✨StreamingTalker: Audio-driven 3D Facial Animation with Autoregressive Diffusion Model

Yifan Yang • Zhi Cen • Sida Peng • Xiangwei Chen • Yifu Deng • Xinyu Zhu • Fan Jia • Xiaowei Zhou • Hujun Bao

Project Page | Paper | Demo

AAAI 2026 Oral

📝 Preparation

Environment

Linux
Python 3.10+
Pytorch 2.4.0
CUDA 12.1 (GPU with at least 12GB DRAM)

conda create -n streamingtalker python=3.10
conda activate streamingtalker
# Use pip to install core pakages:
pip install -r requirements.txt

Model Weights

(optional)
Download pretrained VQ-VAE and StreamingTalker model weights from modelscope:

modelscope download --model youtopia/StreamingTalker --local_dir ./checkpoints

Dataset

There are 2 options to prepare datasets:

Option 1:

You can directly download our preprocessed datasets from modelscope:

modelscope download --dataset youtopia/vocaset ./data/vocaset
modelscope download --dataset youtopia/biwi ./data/biwi

Option 2:

or you can follow the below steps to download and process original datasets.

VOCASET

Request the VOCASET data from https://voca.is.tue.mpg.de/. Place the downloaded files data_verts.npy, raw_audio_fixed.pkl, templates.pkl and subj_seq_to_idx.pkl in the folder vocaset/. Download "FLAME_sample.ply" from voca and put it in data/vocaset/. Read the vertices/audio data and convert them to .npy/.wav files stored in data/vocaset/vertices_npy and data/vocaset/wav:

cd vocaset
python process_voca_data.py

BIWI

Follow the datasets/biwi/README.md to preprocess BIWI dataset and put .npy/.wav files into biwi/vertices_npy and biwi/wav, and the templates.pkl into data/biwi/.

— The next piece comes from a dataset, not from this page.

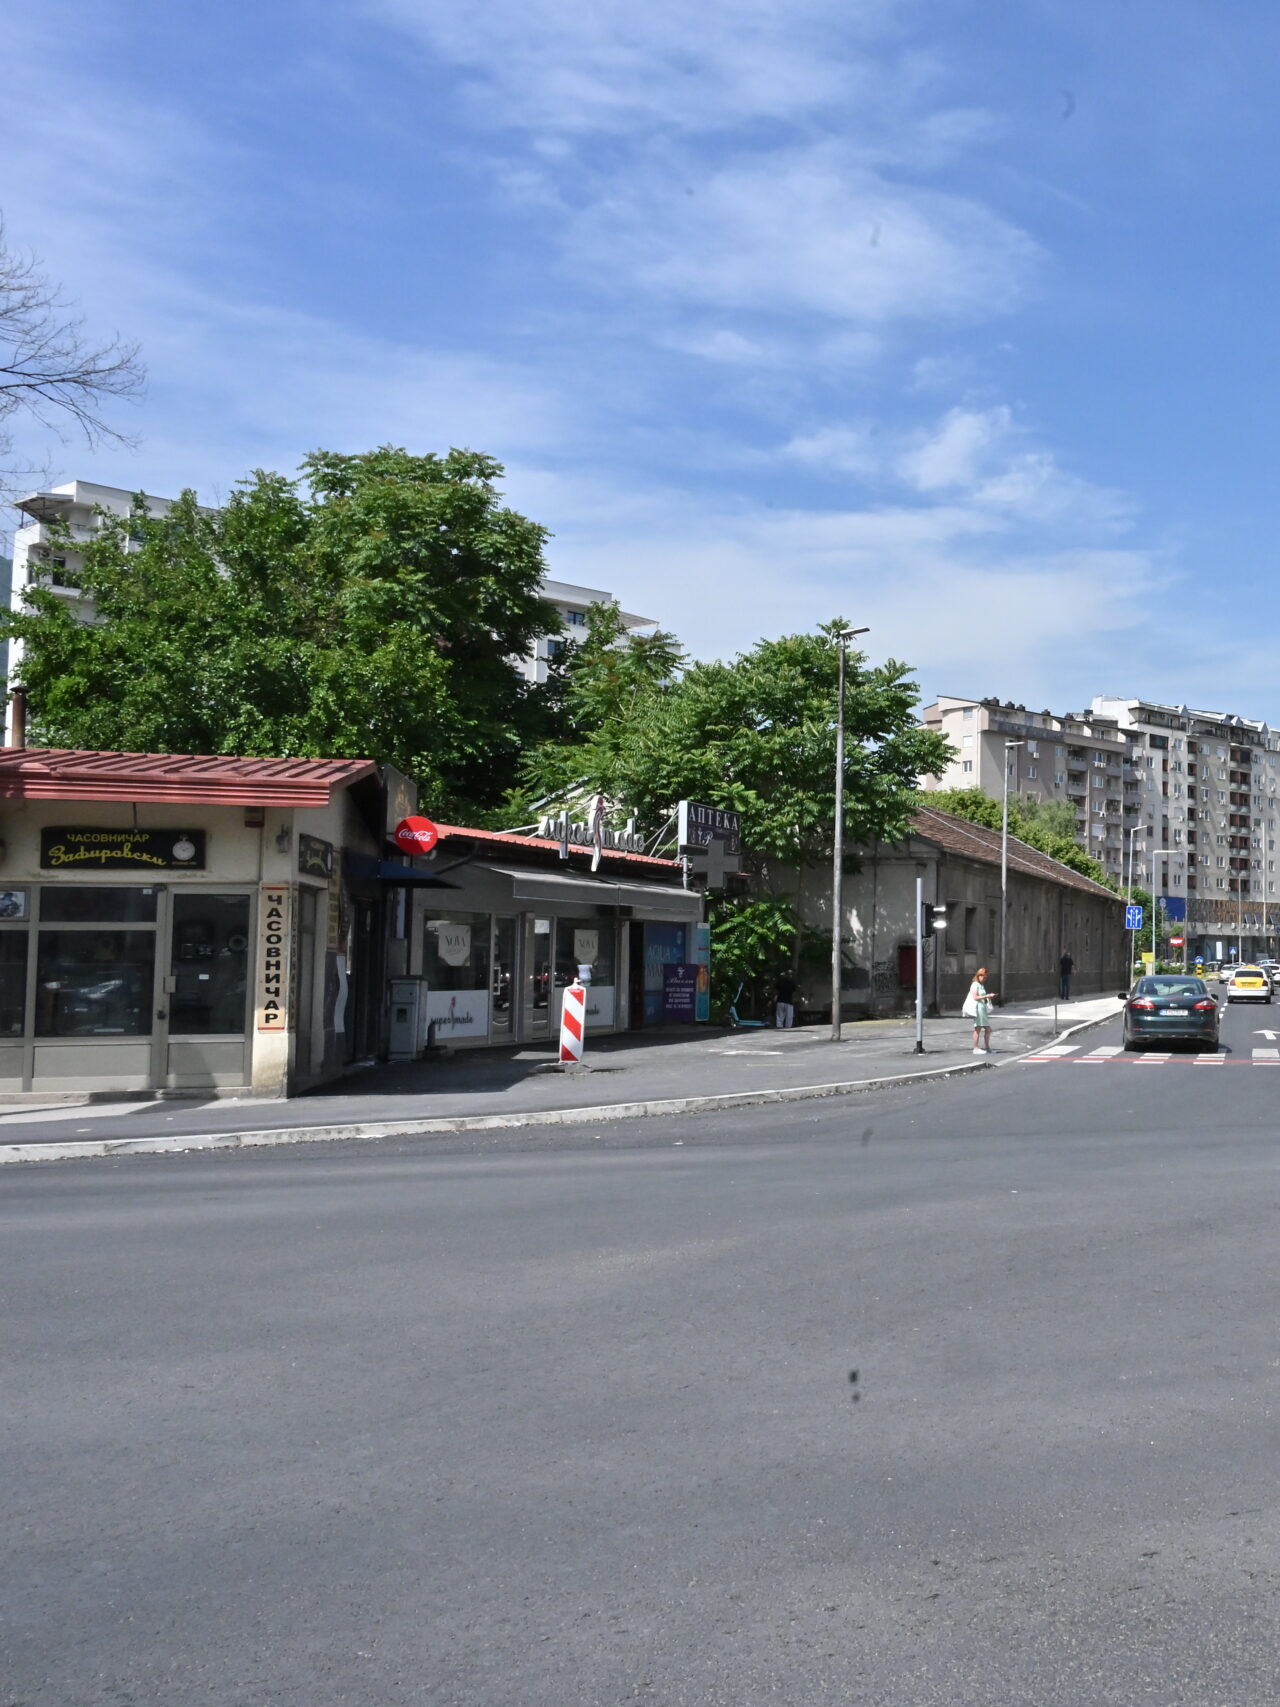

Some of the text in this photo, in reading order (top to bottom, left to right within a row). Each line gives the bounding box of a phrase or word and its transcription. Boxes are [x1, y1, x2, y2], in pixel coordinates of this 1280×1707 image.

After above steps, your folder should look like this:

.
├── algorithms/
└── chatdemo/
└── checkpoints/
│   ├── diffar_biwi_241212.ckpt
│   ├── biwi_vae.ckpt
|   ├── diffar_voca_241120.ckpt
|   ├── voca_vae.ckpt
└── data/
|   └──vocaset
|   |   ├──vertices_npy
|   |   ├──wav
|   |   ├──templates
|   |   ├──templates.pkl
|   |   ├──FLAME_masks.pkl
|   └──biwi
|   |   ├──vertices_npy
|   |   ├──wav
|   |   ├──templates
|   |   ├──templates.pkl
|   |   ├──regions
└── ...

🚀 Training

The training process contain 2 stages:

First, train a VQ-VAE.

# train on biwi
scripts/biwi/train_stage1.sh
# train on vocaset
scripts/vocaset/train_stage1.sh

Then train the AR transformer and diffusion head with frozen VQ-VAE.

# train on biwi
scripts/biwi/train_stage2.sh
# train on vocaset
scripts/vocaset/train_stage2.sh

Key params:

--cfg: config file used (defined in configs folder)
--exp: name of experiment

📊 Evaluation

After training, you can test our model by running following scripts:

# test on vocaset
scripts/vocaset/eval_vocaset.sh
# test on biwi
scripts/biwi/eval_biwi.sh

CAUTION: Since the evaluation needs to run once for each training-set identity and then average the results, the evaluation stage may take a considerable amount of time. You can also change the REPLICATION_TIME in config file to get more average evaluation results.

👓 Visualization

You can change the 'example' and 'id' to try different audio and speaker identity.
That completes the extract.